Irrigación alertó sobre un panorama cloacal muy complicado en una zona de Guaymallén
En medio de una reunión conjunta de comisiones legislativas, el superintendente general de Irrigación, Sergio Marinelli, expuso ante senadores y diputados sobre la situación crítica en torno al vertido de efluentes cloacales de AySAM en la zona de Los Corralitos, Guaymallén.
La presentación se dio ante los integrantes de las comisiones de Ambiente y Recursos Hídricos, Economía, Energía, Minería e Industria, y Obras Públicas, Urbanismo y Vivienda.
Marinelli reclamó la necesidad de un diagnóstico exhaustivo y participativo sobre el estado de los recursos hídricos en la provincia, con especial énfasis en la cuenca del río Mendoza, que calificó como la más presionada por la densidad poblacional. En este contexto, propuso avanzar hacia un Plan Hídrico a largo plazo, con el respaldo de la Legislatura y la participación de sectores económicos organizados, intendentes y legisladores. El plan, dijo, debería ser revisado cada cinco años para ajustar estrategias y mejorar resultados.
El funcionario fue enfático al señalar que el mayor problema ambiental en Mendoza es el de los vuelcos cloacales, y que si bien en los últimos diez años se han concretado más inversiones en obras que en las tres décadas previas, todavía hay una falta histórica de infraestructura y mantenimiento en las plantas de tratamiento.
La clave es determinar qué uso se le da al líquido tratado, ya que no existe una ley específica sobre calidad de agua en Mendoza, apuntó Marinelli. No obstante, remarcó que el Código de Aguas contempla regulaciones sobre ese aspecto.
Uno de los focos críticos de la exposición fue la zona de Corralitos, identificada como una de las áreas de mayor fragilidad ambiental de la provincia según un estudio de 2023. Entre los factores de riesgo mencionó la falta de saneamiento, el uso de agua potable para riego, la mala organización del riego y la existencia de vuelcos clandestinos.
En ese contexto, Marinelli explicó que se produjo un colapso en un colector cloacal que recibe líquidos de Luján, Godoy Cruz y Maipú. Esto derivó en una obstrucción que obligó a AySAM a realizar un derrame controlado de 300 litros por segundo en el canal Pescara, para poder operar en el sistema.

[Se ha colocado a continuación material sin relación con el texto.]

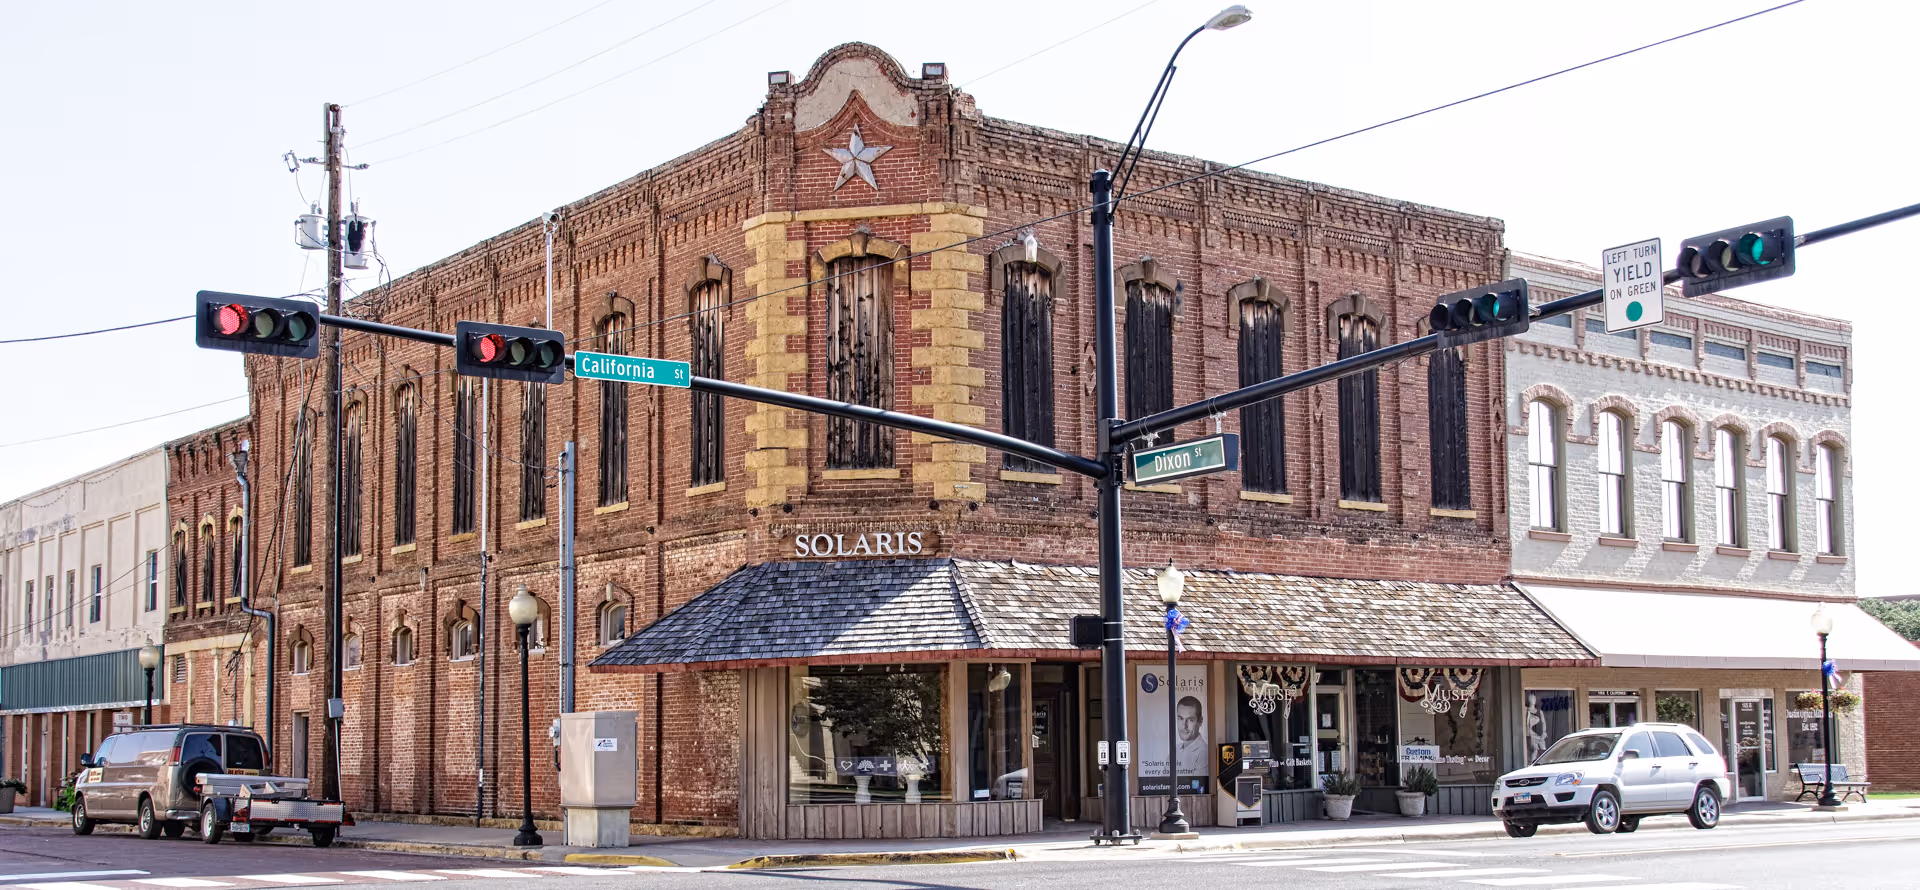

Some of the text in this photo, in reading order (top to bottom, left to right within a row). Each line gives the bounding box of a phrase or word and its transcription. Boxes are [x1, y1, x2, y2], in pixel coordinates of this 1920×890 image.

[1607, 244, 1657, 264] LEFT TURN
[1613, 261, 1652, 284] YIELD
[1610, 281, 1656, 300] ON GREEN
[582, 357, 684, 380] California St
[1154, 447, 1202, 473] Dixon St
[795, 532, 923, 557] SOLARIS
[1296, 758, 1312, 766] Baskets
[1475, 755, 1489, 763] Decor
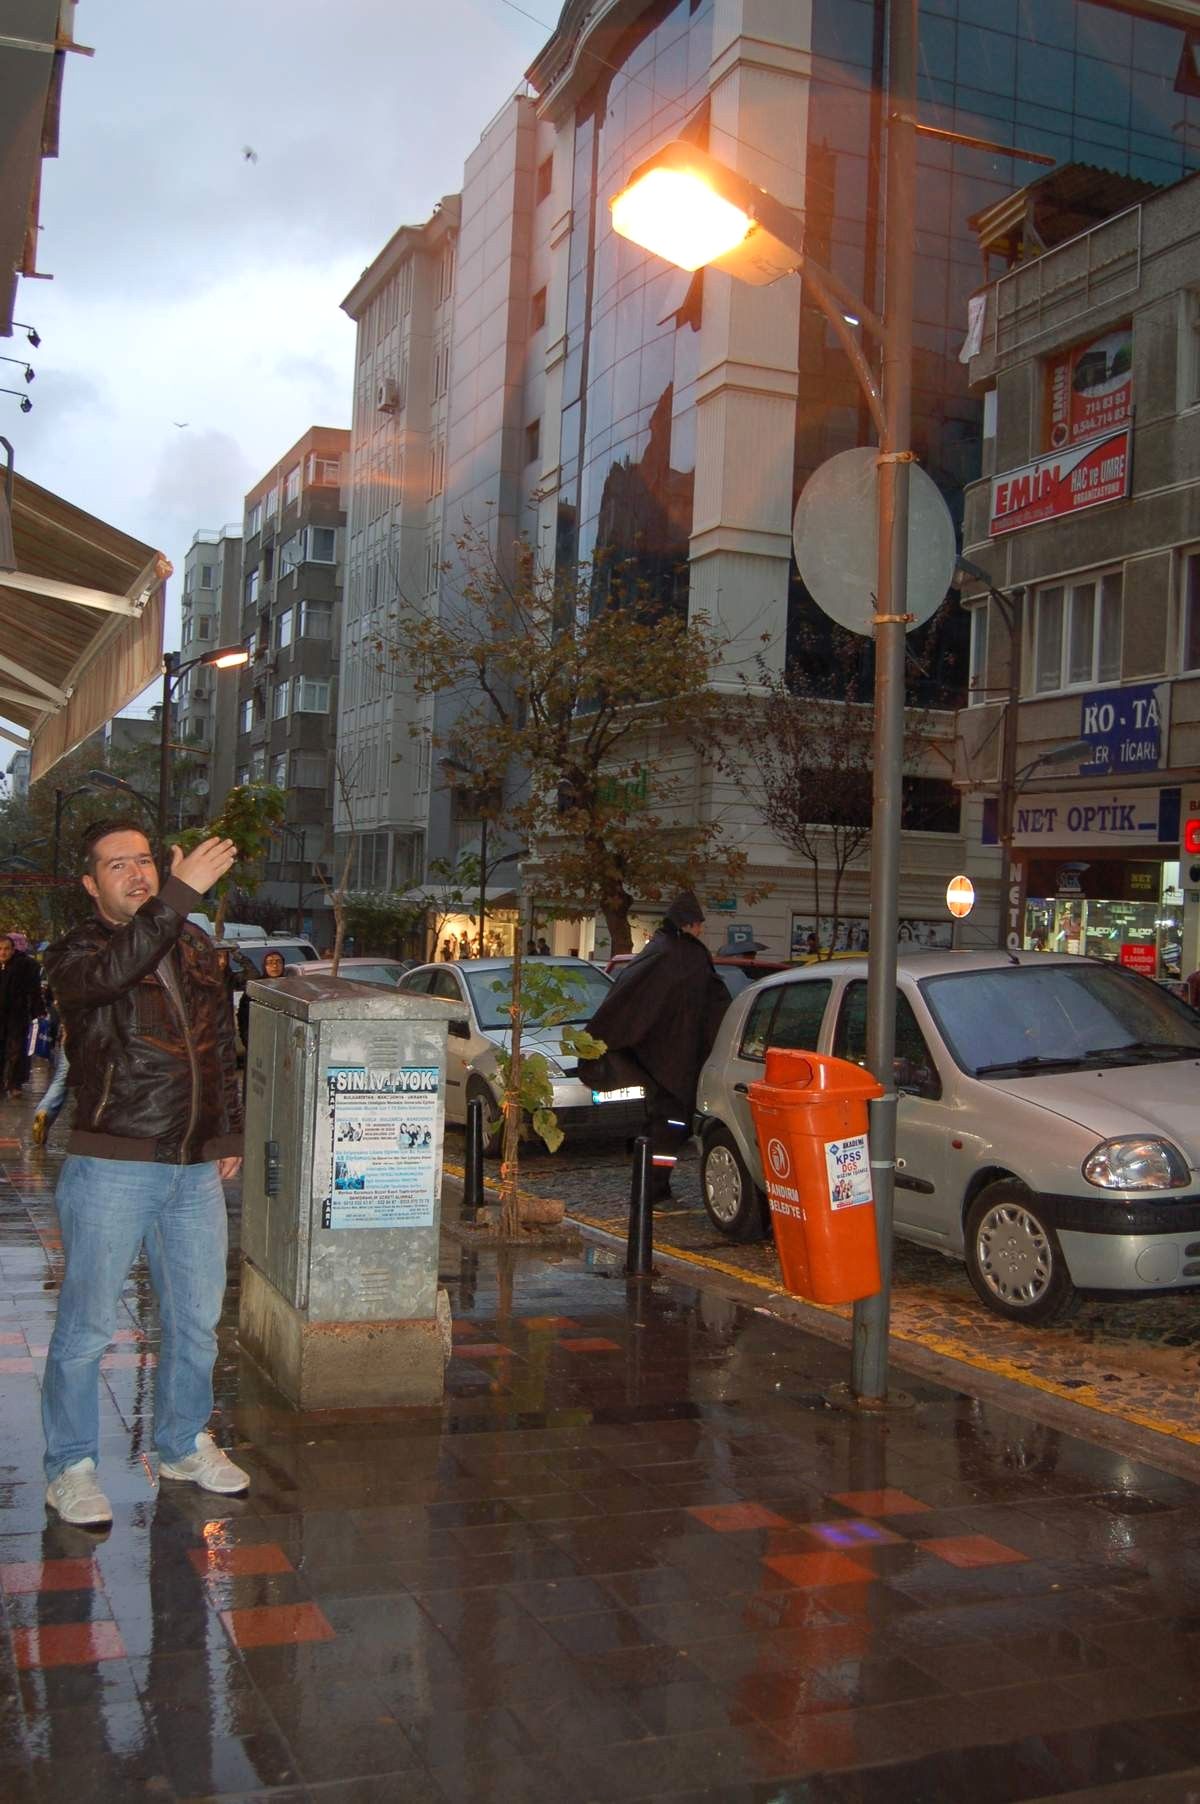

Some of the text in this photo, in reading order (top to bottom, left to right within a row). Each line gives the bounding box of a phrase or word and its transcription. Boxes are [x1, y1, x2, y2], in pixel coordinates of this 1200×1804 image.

[996, 464, 1062, 517] EMİN
[1017, 796, 1136, 834] NET OPTİK
[400, 1071, 433, 1091] YOK
[836, 1150, 862, 1165] KPSS
[842, 1161, 858, 1173] DGS

La alternativa era hacer un bypass, pero no se consiguió una bomba adecuada, relató. Agregó que recientemente se incorporaron dos bombas con capacidad de 700 litros por segundo, lo que permitirá evitar nuevos vuelcos al canal.
La fragilidad de Corralitos, insistió, también está relacionada con colectores deteriorados, aguas emergentes por tratarse de una zona de vertientes, y con el hecho de que la mayoría de los usos son derechos eventuales o de desagüe, con apenas 80 hectáreas con derechos definitivos.

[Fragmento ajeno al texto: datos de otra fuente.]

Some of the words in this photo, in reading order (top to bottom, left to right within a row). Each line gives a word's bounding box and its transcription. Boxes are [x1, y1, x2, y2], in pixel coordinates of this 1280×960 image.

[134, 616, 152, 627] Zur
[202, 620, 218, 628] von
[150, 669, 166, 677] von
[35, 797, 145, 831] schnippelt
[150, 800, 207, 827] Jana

Desde el Departamento General de Irrigación, sostuvo Marinelli, se trabaja no solo en la distribución del recurso, sino también en la gestión ambiental del agua. Reclamó que la información sobre calidad del agua sea pública y transparente y convocó a los usuarios organizados a colaborar con inspecciones de cauces y a denunciar vuelcos clandestinos.

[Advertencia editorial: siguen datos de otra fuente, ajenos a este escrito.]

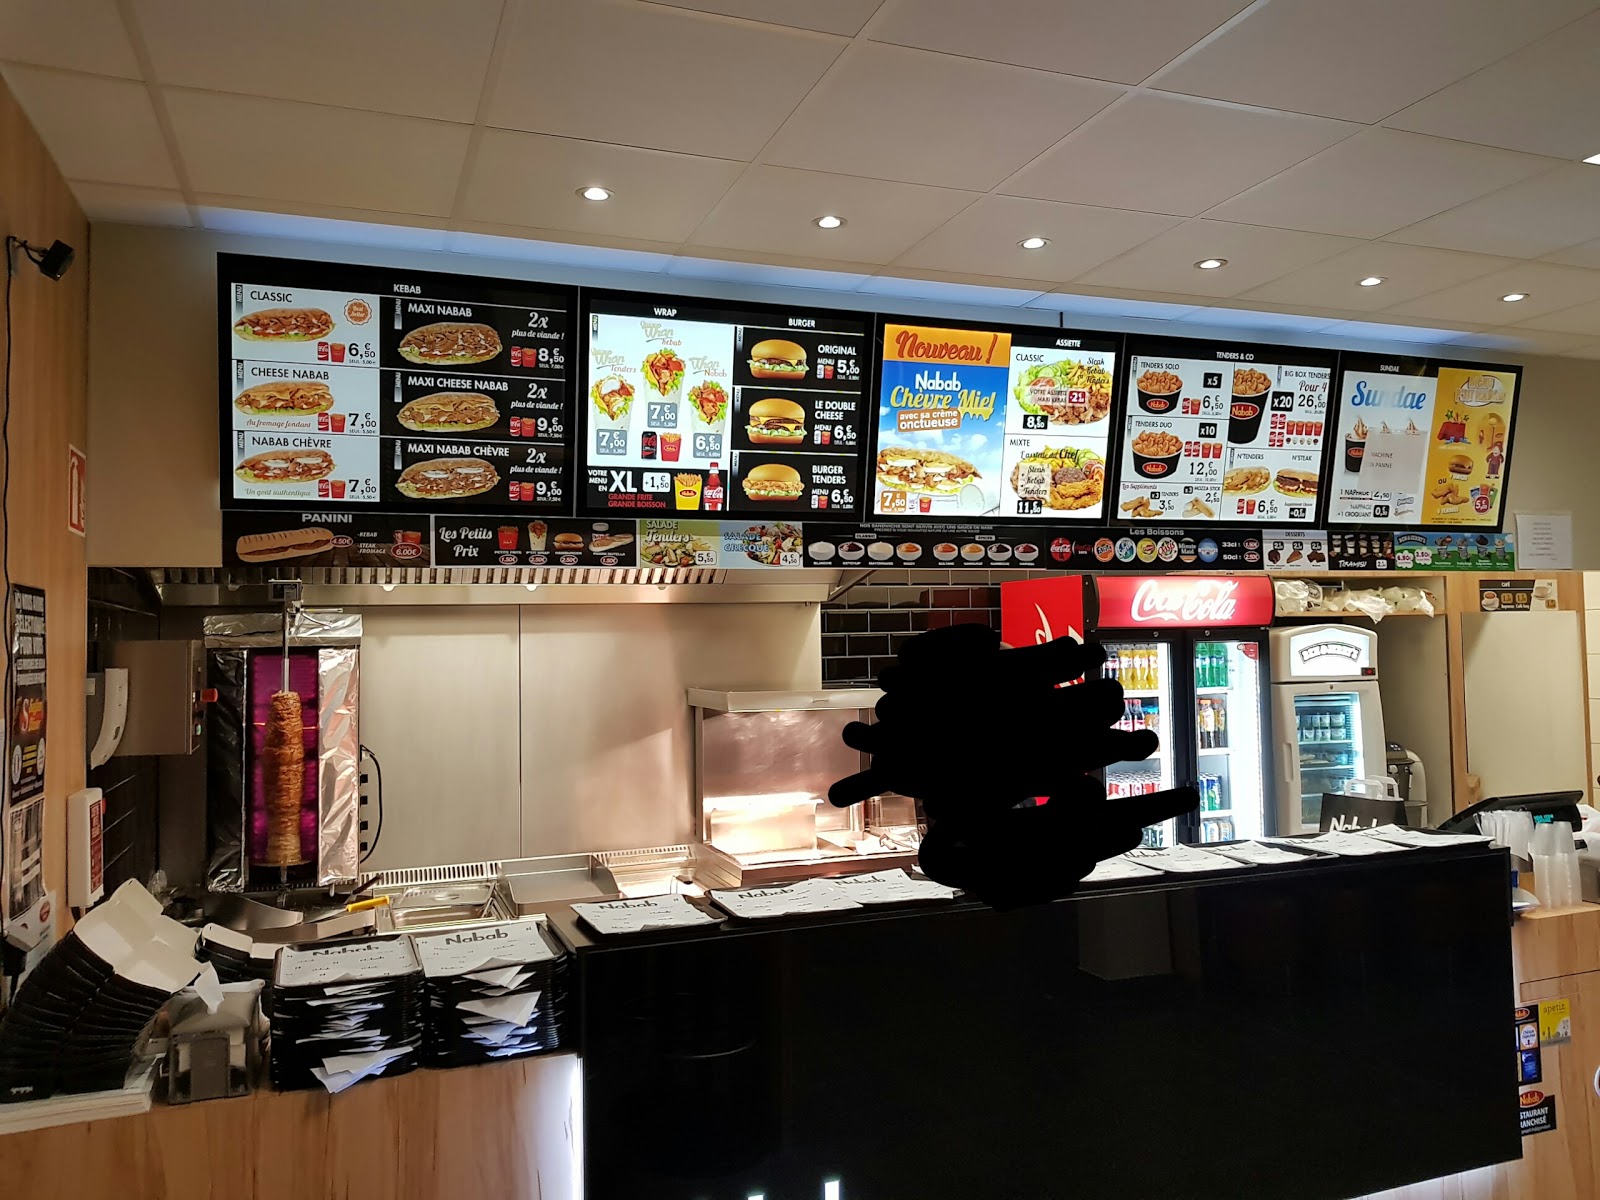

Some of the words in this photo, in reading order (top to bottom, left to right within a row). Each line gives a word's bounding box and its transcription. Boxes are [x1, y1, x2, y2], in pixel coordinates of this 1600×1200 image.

También subrayó la urgencia de contar con un plan hídrico integral y participativo, centrado en los vuelcos cloacales y la contaminación del acuífero, que permita una gestión ambiental más consciente e involucre activamente a la ciudadanía.
Respecto al reciente episodio en Corralitos, lo definió como una eventualidad y aseguró que no se reportaron problemas graves de salud ni denuncias de productores. No ha habido ningún reclamo a municipios, AySAM, Irrigación o al Gobierno, dijo. Además, mencionó que el Ministerio de Salud y el municipio de Guaymallén monitorean la situación y no han detectado aumentos de casos relacionados con la contaminación.
Por último, Marinelli destacó que existe una coordinación entre ministerios y municipios para abordar estas situaciones y que ya se trabaja en la identificación y ejecución de obras, con financiamiento propio y a través de ahorros. Detalló que se están desarrollando proyectos ejecutivos y que, en conjunto con el INTA, se estudia el impacto del agua en los cultivos de chacra y huerta, con el fin de garantizar que no haya riesgos para la salud.